Area protected: 12,807,924 acres.
Based on 1993 Forest Survey data for non-federal forestland, plus 10% to cover adjacent non-forest land. Also included is 101,320 acres of federal land protected under special contract. Mutual aid is provided on 802,147 acres of additional federal land.

Fire Protection Cooperatives

The Forestry Commission has cooperative arrangements with 10 fire and emergency management entities. Activities for each cooperative during FY 1996-97 are as follows:

Southeastern States Forest Fire Compact Commission: SCFC dispatched 48 personnel equipped with tractors and chain saws to provide debris removal assistance to North Carolina immediately following Hurricane Fran.

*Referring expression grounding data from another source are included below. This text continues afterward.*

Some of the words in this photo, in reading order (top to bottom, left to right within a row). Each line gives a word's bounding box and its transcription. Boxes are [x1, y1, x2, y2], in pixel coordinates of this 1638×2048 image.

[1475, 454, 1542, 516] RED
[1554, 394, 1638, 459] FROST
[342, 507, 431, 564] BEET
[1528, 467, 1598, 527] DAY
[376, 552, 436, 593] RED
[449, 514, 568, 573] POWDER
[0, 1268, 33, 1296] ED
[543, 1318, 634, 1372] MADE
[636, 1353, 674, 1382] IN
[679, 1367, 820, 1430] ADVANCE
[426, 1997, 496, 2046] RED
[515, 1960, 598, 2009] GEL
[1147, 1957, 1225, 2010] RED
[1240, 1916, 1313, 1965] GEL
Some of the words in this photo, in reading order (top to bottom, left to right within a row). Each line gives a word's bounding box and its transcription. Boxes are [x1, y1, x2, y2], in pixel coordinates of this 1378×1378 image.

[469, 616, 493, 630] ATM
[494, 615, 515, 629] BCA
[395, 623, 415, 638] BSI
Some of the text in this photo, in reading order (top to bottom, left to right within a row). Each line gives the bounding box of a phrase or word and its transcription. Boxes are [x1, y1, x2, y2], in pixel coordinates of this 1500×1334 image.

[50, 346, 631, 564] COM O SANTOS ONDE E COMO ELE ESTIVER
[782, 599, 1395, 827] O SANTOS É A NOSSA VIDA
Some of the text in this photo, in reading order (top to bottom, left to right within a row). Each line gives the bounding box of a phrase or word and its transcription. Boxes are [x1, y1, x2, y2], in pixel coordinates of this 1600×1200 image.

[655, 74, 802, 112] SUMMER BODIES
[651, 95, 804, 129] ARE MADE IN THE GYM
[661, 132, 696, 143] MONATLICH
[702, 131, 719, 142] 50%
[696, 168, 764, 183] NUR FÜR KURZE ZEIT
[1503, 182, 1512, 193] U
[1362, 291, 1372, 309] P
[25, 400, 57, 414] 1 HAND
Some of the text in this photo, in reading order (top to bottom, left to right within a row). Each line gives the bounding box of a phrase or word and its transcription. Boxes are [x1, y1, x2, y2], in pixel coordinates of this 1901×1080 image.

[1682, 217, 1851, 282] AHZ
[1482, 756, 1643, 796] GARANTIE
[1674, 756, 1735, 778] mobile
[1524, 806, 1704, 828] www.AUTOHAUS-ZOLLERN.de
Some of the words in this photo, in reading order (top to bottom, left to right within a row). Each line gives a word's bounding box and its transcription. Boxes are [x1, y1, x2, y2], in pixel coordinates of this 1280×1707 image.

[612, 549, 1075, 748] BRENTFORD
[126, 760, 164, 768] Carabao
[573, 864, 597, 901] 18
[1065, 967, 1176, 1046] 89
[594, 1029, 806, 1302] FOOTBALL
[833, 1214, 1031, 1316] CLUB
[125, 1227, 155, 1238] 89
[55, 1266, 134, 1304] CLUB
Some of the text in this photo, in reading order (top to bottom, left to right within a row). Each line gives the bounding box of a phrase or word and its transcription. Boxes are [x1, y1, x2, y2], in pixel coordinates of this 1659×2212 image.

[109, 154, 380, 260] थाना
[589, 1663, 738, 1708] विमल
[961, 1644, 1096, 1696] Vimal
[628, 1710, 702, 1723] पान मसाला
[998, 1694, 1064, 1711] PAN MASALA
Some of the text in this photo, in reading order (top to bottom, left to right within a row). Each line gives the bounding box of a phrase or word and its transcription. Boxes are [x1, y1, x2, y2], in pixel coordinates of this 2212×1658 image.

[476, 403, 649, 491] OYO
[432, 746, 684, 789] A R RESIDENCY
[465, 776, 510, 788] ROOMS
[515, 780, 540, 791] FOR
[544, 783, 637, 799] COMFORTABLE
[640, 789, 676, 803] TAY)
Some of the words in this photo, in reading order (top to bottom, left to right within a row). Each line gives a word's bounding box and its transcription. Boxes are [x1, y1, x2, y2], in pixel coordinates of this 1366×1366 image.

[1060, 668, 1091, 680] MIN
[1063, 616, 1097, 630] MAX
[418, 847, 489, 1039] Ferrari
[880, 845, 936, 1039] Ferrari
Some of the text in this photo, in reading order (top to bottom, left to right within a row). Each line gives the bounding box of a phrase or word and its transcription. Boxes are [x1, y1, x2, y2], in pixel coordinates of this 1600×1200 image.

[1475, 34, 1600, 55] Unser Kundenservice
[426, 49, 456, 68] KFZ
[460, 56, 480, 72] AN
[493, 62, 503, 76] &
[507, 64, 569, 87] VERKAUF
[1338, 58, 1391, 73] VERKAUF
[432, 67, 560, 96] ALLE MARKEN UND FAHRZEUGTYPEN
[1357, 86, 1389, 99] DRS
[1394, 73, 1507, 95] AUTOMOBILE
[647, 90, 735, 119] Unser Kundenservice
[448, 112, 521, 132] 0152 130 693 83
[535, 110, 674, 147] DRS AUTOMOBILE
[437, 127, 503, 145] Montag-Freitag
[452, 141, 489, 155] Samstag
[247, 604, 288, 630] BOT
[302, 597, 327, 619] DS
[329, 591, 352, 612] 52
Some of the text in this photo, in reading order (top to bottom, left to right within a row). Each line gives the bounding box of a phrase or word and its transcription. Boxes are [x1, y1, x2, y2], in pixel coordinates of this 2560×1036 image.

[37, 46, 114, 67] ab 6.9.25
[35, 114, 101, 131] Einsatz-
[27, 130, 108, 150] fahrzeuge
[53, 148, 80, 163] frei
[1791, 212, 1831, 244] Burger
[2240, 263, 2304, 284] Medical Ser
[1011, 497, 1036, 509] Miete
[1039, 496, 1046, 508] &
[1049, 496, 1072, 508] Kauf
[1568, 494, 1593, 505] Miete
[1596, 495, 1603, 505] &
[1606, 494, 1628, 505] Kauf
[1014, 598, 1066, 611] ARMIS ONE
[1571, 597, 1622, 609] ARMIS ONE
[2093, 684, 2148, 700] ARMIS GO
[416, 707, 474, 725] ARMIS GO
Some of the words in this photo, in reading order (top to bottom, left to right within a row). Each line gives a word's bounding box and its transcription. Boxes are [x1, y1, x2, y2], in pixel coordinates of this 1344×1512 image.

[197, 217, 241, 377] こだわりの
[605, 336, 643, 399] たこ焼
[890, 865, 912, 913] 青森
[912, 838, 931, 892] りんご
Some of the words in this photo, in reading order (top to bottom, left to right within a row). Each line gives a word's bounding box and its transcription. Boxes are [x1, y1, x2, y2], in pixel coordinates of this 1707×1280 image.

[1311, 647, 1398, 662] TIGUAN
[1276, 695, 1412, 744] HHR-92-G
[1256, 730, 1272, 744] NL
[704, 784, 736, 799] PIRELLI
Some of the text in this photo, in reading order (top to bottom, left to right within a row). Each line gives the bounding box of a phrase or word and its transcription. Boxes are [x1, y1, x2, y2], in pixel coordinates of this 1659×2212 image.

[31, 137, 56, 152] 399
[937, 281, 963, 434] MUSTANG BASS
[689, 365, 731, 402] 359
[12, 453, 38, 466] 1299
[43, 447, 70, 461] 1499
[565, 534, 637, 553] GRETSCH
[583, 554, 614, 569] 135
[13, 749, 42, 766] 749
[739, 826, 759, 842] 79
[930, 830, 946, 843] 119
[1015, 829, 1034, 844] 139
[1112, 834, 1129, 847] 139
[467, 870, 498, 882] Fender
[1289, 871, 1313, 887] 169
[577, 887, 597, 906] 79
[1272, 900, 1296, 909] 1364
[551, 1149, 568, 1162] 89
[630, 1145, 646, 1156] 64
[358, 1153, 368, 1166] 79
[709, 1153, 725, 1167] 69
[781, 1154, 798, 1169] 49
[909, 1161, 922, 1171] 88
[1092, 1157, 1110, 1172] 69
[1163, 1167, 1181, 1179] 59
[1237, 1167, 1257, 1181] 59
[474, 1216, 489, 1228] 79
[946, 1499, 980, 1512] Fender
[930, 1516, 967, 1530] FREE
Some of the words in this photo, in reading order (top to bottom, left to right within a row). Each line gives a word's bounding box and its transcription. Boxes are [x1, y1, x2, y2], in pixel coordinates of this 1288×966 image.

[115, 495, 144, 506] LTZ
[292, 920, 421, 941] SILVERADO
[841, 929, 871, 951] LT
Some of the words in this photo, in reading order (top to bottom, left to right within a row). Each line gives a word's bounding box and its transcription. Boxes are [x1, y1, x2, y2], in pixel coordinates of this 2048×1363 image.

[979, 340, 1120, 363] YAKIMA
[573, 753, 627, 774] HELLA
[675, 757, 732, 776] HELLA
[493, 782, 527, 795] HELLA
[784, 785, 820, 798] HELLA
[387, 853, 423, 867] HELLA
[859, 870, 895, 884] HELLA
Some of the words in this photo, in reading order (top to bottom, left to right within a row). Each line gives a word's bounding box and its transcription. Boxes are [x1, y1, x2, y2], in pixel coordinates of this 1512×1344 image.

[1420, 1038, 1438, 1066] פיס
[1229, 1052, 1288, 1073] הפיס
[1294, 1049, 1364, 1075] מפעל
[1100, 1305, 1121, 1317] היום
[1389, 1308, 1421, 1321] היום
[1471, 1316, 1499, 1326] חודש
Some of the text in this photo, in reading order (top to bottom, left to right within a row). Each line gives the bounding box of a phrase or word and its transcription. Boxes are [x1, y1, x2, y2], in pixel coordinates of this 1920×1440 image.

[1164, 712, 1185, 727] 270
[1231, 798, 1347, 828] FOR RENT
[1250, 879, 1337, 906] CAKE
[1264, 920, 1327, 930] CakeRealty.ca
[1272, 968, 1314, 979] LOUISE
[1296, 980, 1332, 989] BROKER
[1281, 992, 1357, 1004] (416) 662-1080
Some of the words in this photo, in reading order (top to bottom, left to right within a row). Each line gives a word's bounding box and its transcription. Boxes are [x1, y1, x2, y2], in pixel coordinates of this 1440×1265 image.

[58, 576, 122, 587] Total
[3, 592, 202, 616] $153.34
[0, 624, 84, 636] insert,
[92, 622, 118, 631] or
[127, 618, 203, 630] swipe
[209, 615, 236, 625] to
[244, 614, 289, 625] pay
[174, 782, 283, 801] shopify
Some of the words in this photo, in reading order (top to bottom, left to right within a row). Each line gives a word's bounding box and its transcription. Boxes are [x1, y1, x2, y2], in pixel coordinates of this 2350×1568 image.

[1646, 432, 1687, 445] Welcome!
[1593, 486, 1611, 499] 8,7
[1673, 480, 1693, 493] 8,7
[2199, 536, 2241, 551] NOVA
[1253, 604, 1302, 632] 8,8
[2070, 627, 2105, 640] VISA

SC Division of Emergency Preparedness: SCFC provided field support and EOC staffing as Hurricane Bertha and Hurricane Fran approached the SC coast. Staff foresters participated in several EPD emergency response training sessions during the year.

Wildland Fire Protection Partnership: SCFC produced and staffed the WFPP exhibit at the annual SC State Firemen's Association Annual Convention. SCFC personnel wrote and assisted in production and placement of three television spot announcements sponsored by the Partnership.

Rural Cooperative Fire Protection Program: Federal funds for this program have decreased significantly. During the year, 24 fire departments were approved for matching-fund grants totaling $13,000.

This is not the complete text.